Enchente cobre ponte e isola 14 aldeias Tembé no Pará


As chuvas do inverno amazônico, alaga todo ano o principal acesso para as aldeias da Terra Indígena Alto Rio Guamá (TIARG), no Pará. Sempre que chega o período do mês de março, o rio Guamá que banha as aldeias e dar nome ao território do povo Tembé Thenethehar, sobe ao ponto cobrir toda a ponte do ramal da PA121 que garante o acesso dos indígenas para as cidades e para outras aldeias. O povo Tembé vem cobrando a anos das prefeituras de Santa Luzia, Garrafão do Norte e Capitão Poço, e do governador do Estado, a construção de uma nova ponte, acima da marca onde sempre alaga, para que o problema seja resolvido de forma definitiva. A pequena ponte de madeira que existe, foi construída pelos próprios indígenas com apoio da prefeita Edilma (PSB), de Garrafão do Norte, mas não tem altura suficiente para passar esse período de fortes chuvas e por varias vezes já caiu e prejudicando ainda mais a vida dos Tembé.
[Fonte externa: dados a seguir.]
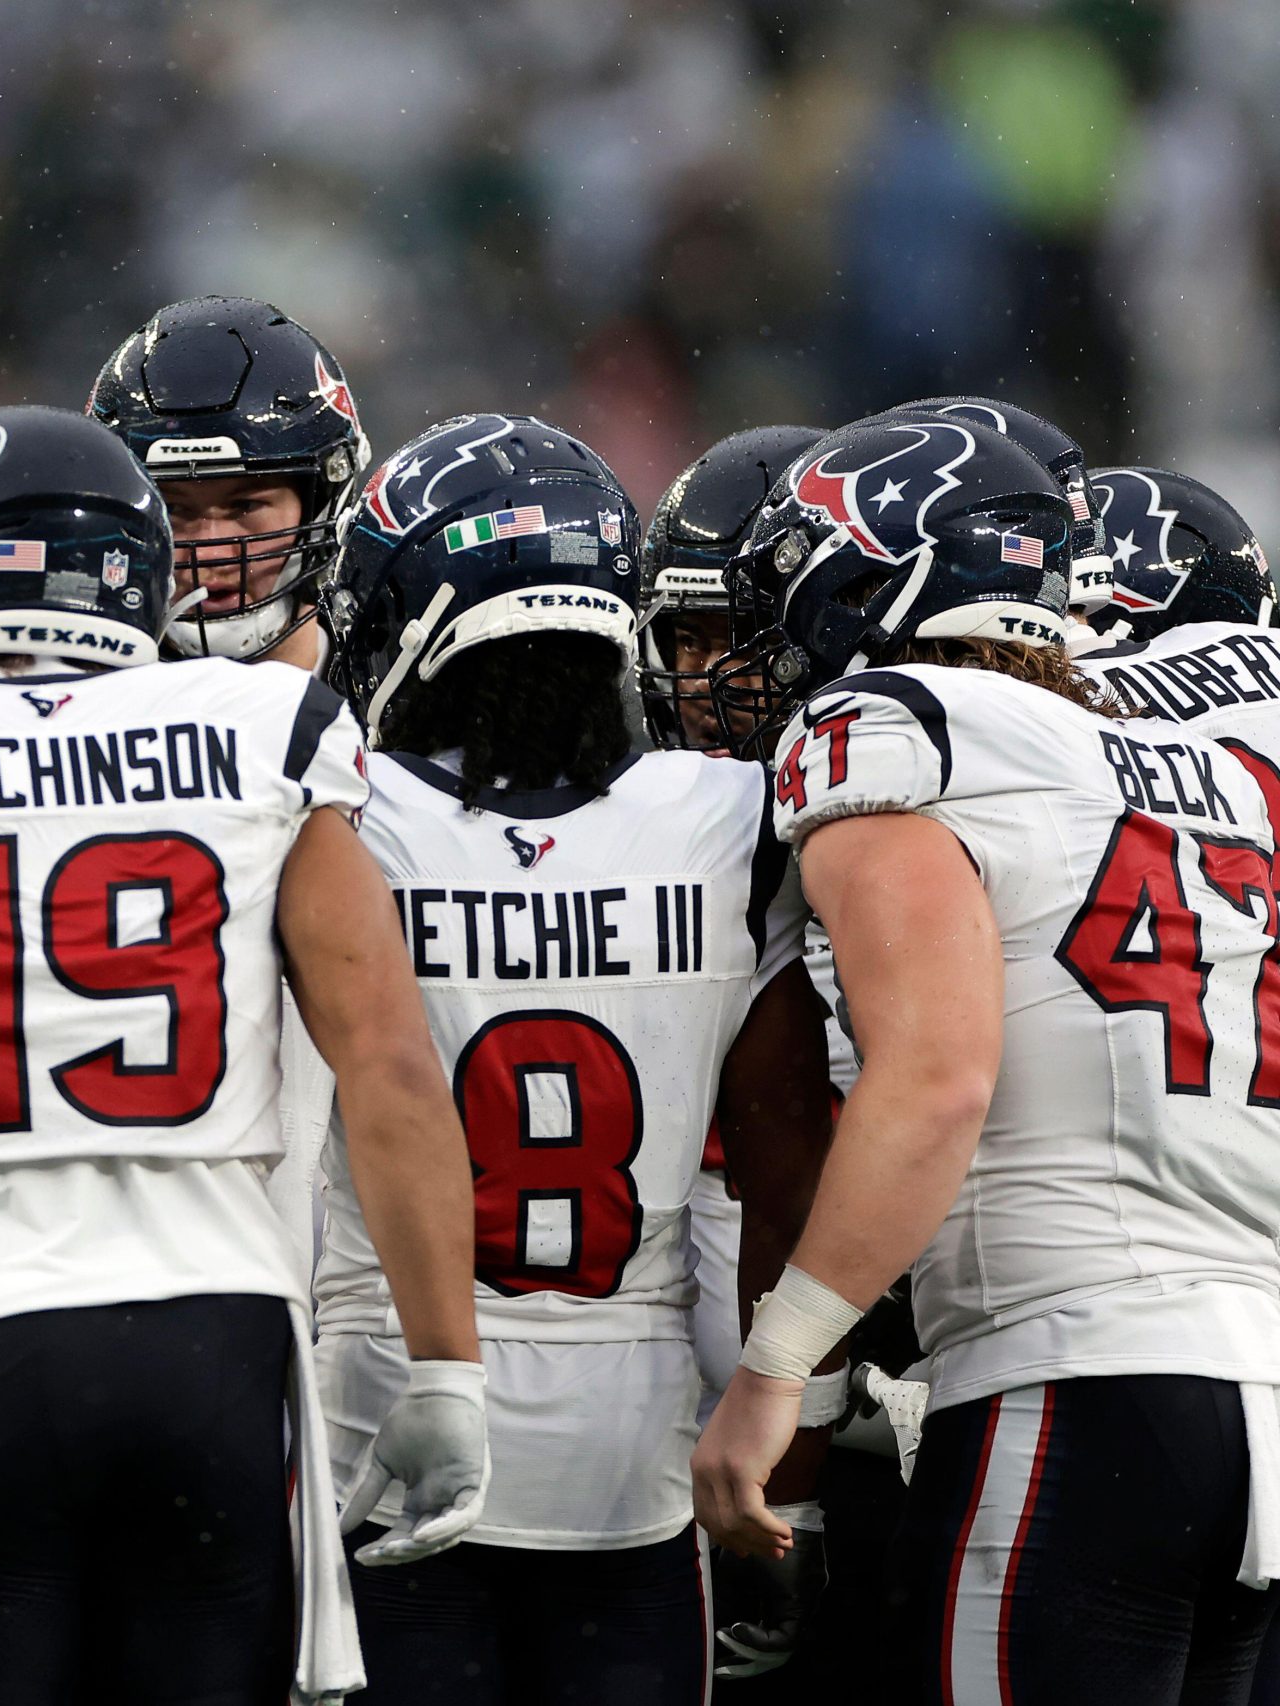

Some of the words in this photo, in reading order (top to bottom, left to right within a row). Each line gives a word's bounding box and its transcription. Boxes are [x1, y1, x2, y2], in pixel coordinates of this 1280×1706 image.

[160, 445, 222, 453] TEXANS
[518, 594, 620, 614] TEXANS
[665, 575, 718, 584] TEXANS
[0, 625, 137, 656] TEXANS
[777, 707, 861, 815] 47
[1098, 730, 1238, 825] BECK
[392, 888, 631, 979] ETCHIE
[655, 884, 703, 973] III
[1054, 803, 1280, 1109] 47
[453, 1009, 644, 1299] 8
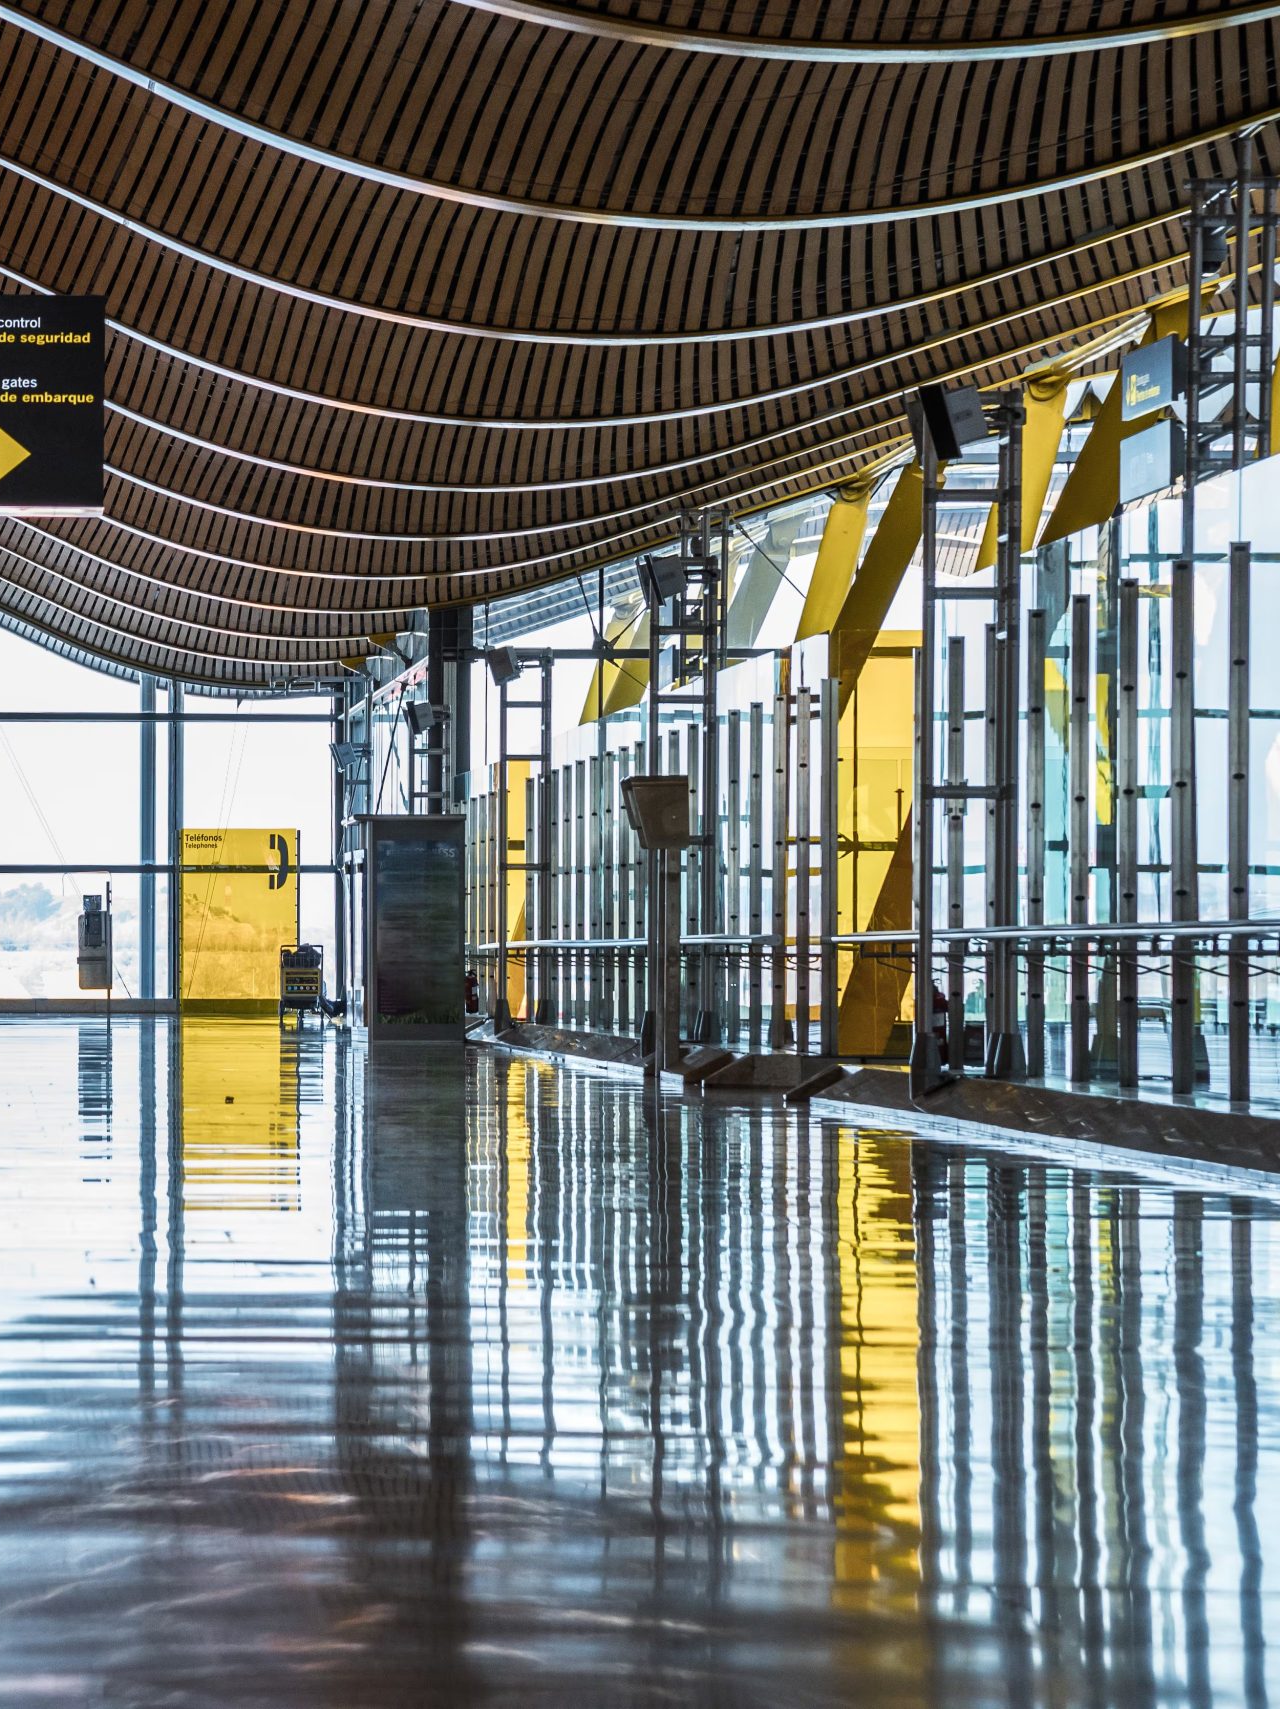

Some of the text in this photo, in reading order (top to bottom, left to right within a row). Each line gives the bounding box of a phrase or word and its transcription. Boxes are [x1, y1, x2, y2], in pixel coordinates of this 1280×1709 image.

[20, 332, 91, 346] seguridad
[1, 376, 38, 390] gates
[0, 391, 17, 403] de
[22, 391, 94, 405] embarque
[185, 834, 222, 842] Teléfonos
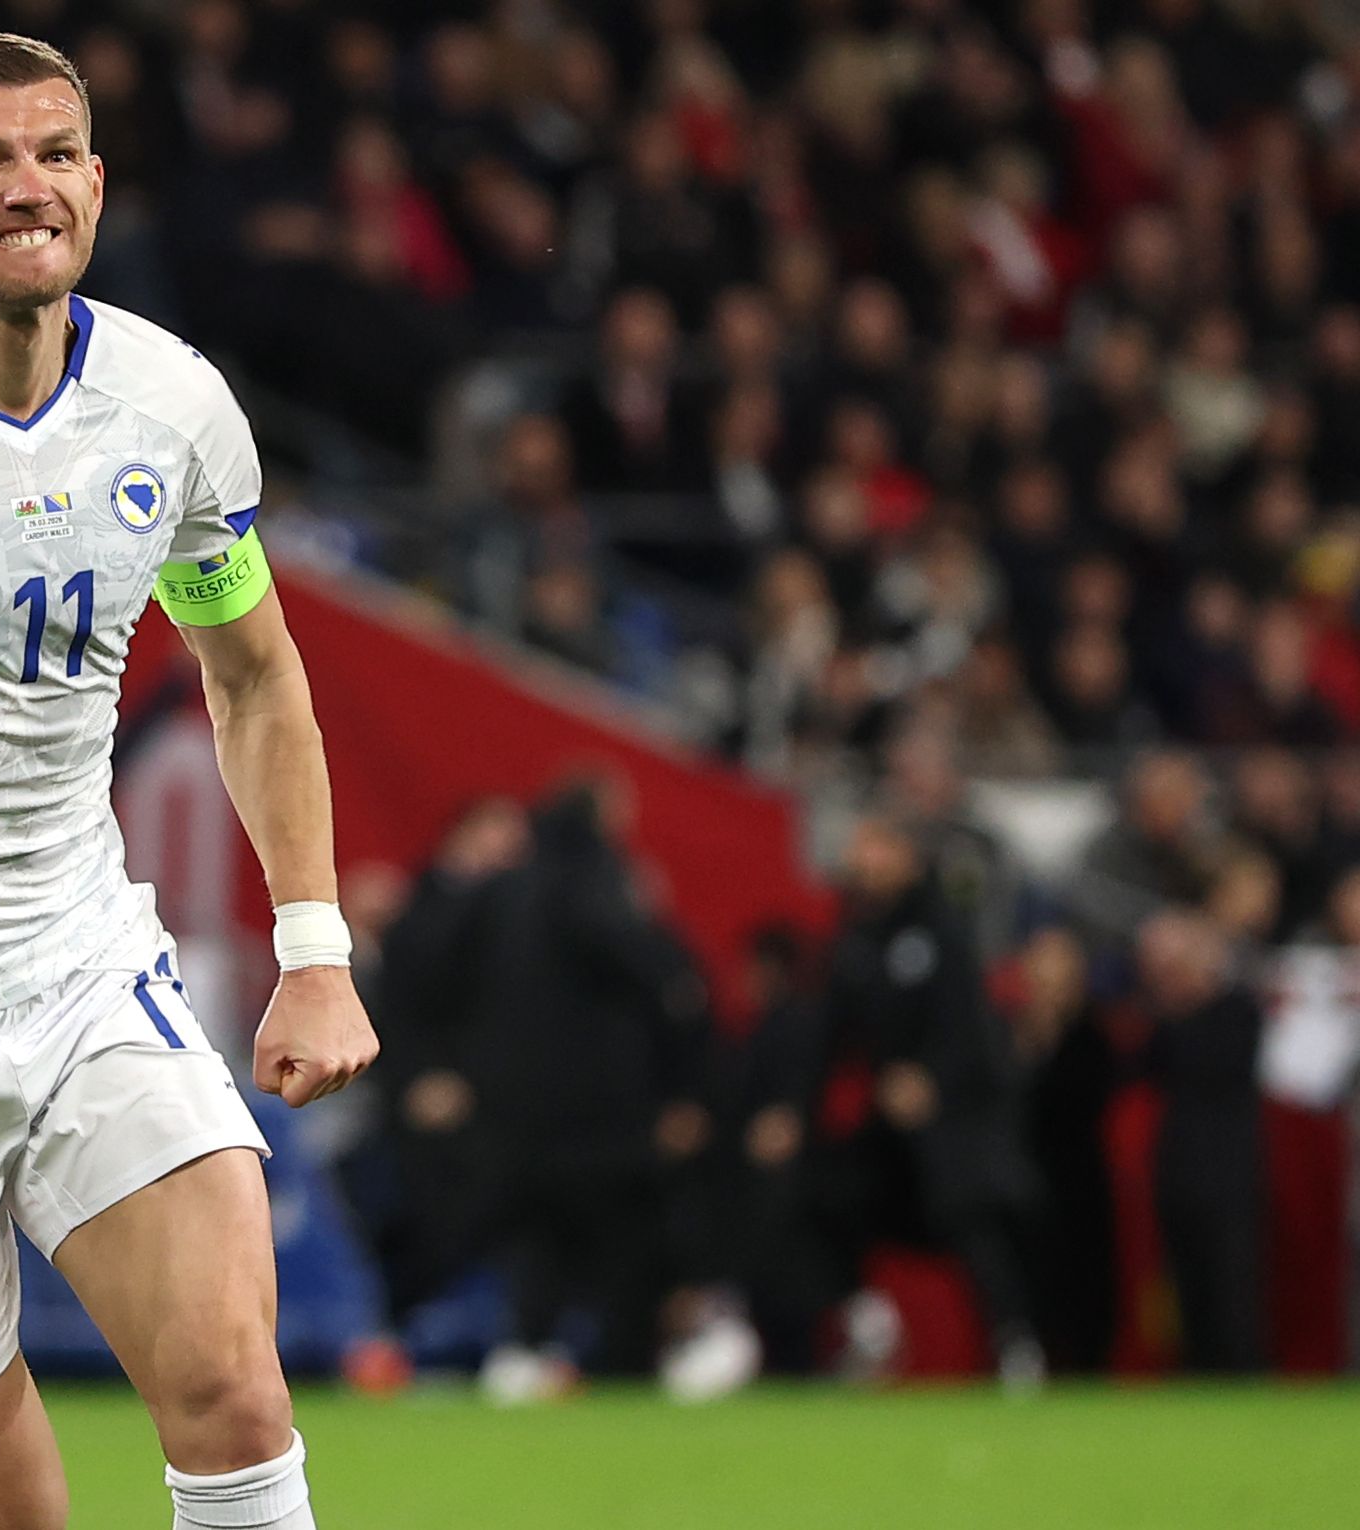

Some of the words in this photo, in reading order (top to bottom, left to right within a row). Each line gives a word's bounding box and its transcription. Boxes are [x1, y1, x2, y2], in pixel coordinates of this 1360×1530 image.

[25, 530, 48, 541] CARDIFF
[50, 527, 70, 537] WALES
[185, 557, 251, 599] RESPECT
[13, 569, 94, 684] 11
A situação de isolamento preocupa mais ainda as lideranças indígenas diante da pandemia do coronavírus, YahuTembé, técnico de enfermagem da aldeia Itaputyri que também faz parte do grupo de aldeias que ficaram isoladas, apresenta as dificuldades e preocupações, “ficar sem acesso as outras aldeias e a própria cidade de Capitão Poço onde fica o polo da Saúde indígena pode por em risco a vida de algum paciente, como as gravidas, idosos e os pacientes de covid”, felizmente e por conta do esforço coletivo dos Tembé a covid não foi forte no território, mas novos casos começam aparecer e os Indígenas temem a segunda onda. Os carros da Sesaique auxiliam no atendimento dos indígenas não conseguem circular e ficam presos pela enchente, tornando mais difícil o trabalho das equipes de saúde.